Guillaume Ambroise
Comme jamais!
Plutôt que de chercher à recréer une ambiance muséale dont le point d’orgue est le «chef-d’œuvre » entouré de peintures perçues comme secondaires, le parti pris de cet exposition est de faire découvrir des œuvres dégagées d’une accumulation qui souvent empêche de les apprécier.
Des œuvres d’artistes de grand renom, Véronèse, Frans Hals ou Odilon Redon côtoient, selon une égale visibilité, celles d’artistes moins célèbres, Giovanni Do, Benjamin West ou encore Claude Lagoutte. Épuré selon le principe du «less is more», cet exposition est aussi l’occasion de dévoiler, dans les meilleures conditions, les plus récentes acquisitions du musée ainsi que les œuvres nouvellement restaurées.
L’exposition ouvre sur une œuvre emblématique du propos de l’exposition, Un maître et son élève de Giovanni Do (1604-1656), élève, à Naples, de l’Espagnol José de Ribera. Dans cette allégorie de l’instruction, le maître présente à son jeune disciple un miroir devant lequel il lui demande de méditer. Derrière le miroir, sort de l’ombre une pile de livres dont l’un est resté ouvert. L’image de cet enfant cherchant une réponse devant (ou derrière) le miroir nous est apparue proche de celle de l’homme devant une peinture, l’esprit en quête d’une harmonie tant intellectuelle qu’esthétique.
C’est cet esprit en éveil que nous désirerions solliciter tout au long de ce parcours, par des propositions qui sont aussi pour nous mêmes des interrogations. Mais, comme le tableau de Giovanni Do le laisse supposer, offrir la possibilité d’un rapport intime entre l’œuvre et celui ou celle qui la regarde peut, paradoxalement, aboutir à l’effet inverse, désorienter faute d’un accompagnement, d’un récit sur l’histoire de l’œuvre ou sur le propos des organisateurs.

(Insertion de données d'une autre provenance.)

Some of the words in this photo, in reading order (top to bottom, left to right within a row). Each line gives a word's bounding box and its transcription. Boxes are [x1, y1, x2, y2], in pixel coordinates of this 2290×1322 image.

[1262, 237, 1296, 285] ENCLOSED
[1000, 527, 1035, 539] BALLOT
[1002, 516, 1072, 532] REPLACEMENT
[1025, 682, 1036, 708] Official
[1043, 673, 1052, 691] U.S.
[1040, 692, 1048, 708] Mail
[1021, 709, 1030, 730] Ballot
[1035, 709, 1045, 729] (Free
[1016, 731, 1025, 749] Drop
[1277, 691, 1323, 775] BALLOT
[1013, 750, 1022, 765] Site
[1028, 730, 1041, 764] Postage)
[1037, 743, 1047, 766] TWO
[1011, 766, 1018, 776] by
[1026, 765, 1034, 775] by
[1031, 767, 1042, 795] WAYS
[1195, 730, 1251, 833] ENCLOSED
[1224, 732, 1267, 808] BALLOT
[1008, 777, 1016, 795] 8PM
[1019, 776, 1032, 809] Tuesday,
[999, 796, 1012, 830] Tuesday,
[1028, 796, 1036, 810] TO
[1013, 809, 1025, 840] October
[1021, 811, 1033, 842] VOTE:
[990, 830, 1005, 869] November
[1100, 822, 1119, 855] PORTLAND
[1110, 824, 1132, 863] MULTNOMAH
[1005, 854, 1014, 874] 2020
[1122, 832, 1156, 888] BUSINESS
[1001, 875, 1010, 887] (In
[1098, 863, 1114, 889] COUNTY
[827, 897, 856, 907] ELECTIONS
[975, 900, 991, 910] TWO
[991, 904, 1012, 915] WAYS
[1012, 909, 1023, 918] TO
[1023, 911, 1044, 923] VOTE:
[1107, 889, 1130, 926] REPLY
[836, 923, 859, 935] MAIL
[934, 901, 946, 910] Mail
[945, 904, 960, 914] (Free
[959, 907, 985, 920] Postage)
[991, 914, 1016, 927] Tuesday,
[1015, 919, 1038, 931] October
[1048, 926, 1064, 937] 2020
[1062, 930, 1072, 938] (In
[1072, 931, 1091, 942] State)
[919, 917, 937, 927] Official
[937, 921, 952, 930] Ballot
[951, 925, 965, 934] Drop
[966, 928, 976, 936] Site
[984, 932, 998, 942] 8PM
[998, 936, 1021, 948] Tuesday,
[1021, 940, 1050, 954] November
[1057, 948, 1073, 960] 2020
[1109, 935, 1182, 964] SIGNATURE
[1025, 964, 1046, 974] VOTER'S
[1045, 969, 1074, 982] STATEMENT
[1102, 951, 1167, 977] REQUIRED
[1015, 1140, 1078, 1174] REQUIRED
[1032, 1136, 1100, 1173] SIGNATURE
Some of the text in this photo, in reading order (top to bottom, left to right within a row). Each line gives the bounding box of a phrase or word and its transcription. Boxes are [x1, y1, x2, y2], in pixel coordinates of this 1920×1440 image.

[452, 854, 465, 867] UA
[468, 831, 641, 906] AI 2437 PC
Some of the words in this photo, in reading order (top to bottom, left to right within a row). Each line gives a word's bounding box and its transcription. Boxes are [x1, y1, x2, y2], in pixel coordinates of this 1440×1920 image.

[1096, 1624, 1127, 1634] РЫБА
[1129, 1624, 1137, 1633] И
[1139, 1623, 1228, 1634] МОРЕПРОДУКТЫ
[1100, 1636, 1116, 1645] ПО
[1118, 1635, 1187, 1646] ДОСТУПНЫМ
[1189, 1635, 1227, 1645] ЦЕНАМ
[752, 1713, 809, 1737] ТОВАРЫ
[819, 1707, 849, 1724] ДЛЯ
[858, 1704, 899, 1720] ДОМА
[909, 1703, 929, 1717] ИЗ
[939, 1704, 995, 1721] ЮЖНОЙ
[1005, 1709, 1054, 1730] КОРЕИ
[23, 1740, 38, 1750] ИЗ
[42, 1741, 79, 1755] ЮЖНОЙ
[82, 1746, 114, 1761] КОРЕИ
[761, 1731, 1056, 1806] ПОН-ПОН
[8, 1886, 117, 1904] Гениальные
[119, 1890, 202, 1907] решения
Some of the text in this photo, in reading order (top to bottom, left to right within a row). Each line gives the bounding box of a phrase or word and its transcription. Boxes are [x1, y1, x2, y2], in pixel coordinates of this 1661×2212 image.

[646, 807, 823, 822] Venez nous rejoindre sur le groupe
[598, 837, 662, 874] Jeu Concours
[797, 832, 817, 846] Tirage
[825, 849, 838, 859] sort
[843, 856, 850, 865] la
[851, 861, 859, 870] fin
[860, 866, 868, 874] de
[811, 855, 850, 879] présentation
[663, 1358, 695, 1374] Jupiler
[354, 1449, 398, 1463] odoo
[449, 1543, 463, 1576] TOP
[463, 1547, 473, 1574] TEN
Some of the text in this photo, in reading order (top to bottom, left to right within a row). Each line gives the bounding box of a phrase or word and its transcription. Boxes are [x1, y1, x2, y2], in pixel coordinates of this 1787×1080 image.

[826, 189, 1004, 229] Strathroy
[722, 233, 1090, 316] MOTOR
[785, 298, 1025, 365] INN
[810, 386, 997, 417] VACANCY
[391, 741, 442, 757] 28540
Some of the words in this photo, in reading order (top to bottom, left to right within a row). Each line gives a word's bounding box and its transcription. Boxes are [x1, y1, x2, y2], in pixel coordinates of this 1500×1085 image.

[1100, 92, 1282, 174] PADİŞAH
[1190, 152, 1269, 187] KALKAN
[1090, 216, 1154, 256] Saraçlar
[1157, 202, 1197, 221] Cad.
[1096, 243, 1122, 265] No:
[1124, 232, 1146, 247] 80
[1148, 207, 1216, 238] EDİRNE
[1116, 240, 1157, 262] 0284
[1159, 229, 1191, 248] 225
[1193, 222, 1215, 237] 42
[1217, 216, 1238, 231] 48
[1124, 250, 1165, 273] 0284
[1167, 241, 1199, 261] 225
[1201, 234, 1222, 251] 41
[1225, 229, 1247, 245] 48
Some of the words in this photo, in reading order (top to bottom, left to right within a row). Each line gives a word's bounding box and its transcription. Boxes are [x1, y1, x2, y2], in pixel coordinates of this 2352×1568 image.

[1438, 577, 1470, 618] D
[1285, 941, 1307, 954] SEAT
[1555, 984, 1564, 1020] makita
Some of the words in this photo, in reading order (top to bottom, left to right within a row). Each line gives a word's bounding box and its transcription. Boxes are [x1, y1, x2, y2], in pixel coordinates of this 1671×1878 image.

« (…) Les peintures ont besoin de beaux espaces, d’un recul suffisant et de lumière (…)» rappelle l’éditorialiste de la Revue de l’art. Pas de «pénombre dramatique» transformant les Å“uvres en apparitions, seulement un large espace, un éclairage zénithal, quelques touches lumineuses mais étales sur l’œuvre, sans effet sacralisant.
Cette bonne visibilité ne veut pas dire que l’œuvre s’explique elle-même à partir du moment où le spectateur se l’approprie. Comment comprendre la spécificité du portrait anglais du XVIIIe siècle si l’on ignore l’intérêt des Anglais pour la nature et ce qu’elle représente symboliquement dans l’accompagnement social du personnage? Comment comprendre Voyage en France, rouleau de 17 mètres de long peint par Claude Lagoutte (1935-1990) si l’on méconnaît ses longues marches solitaires qui font partie intégrante de son œuvre?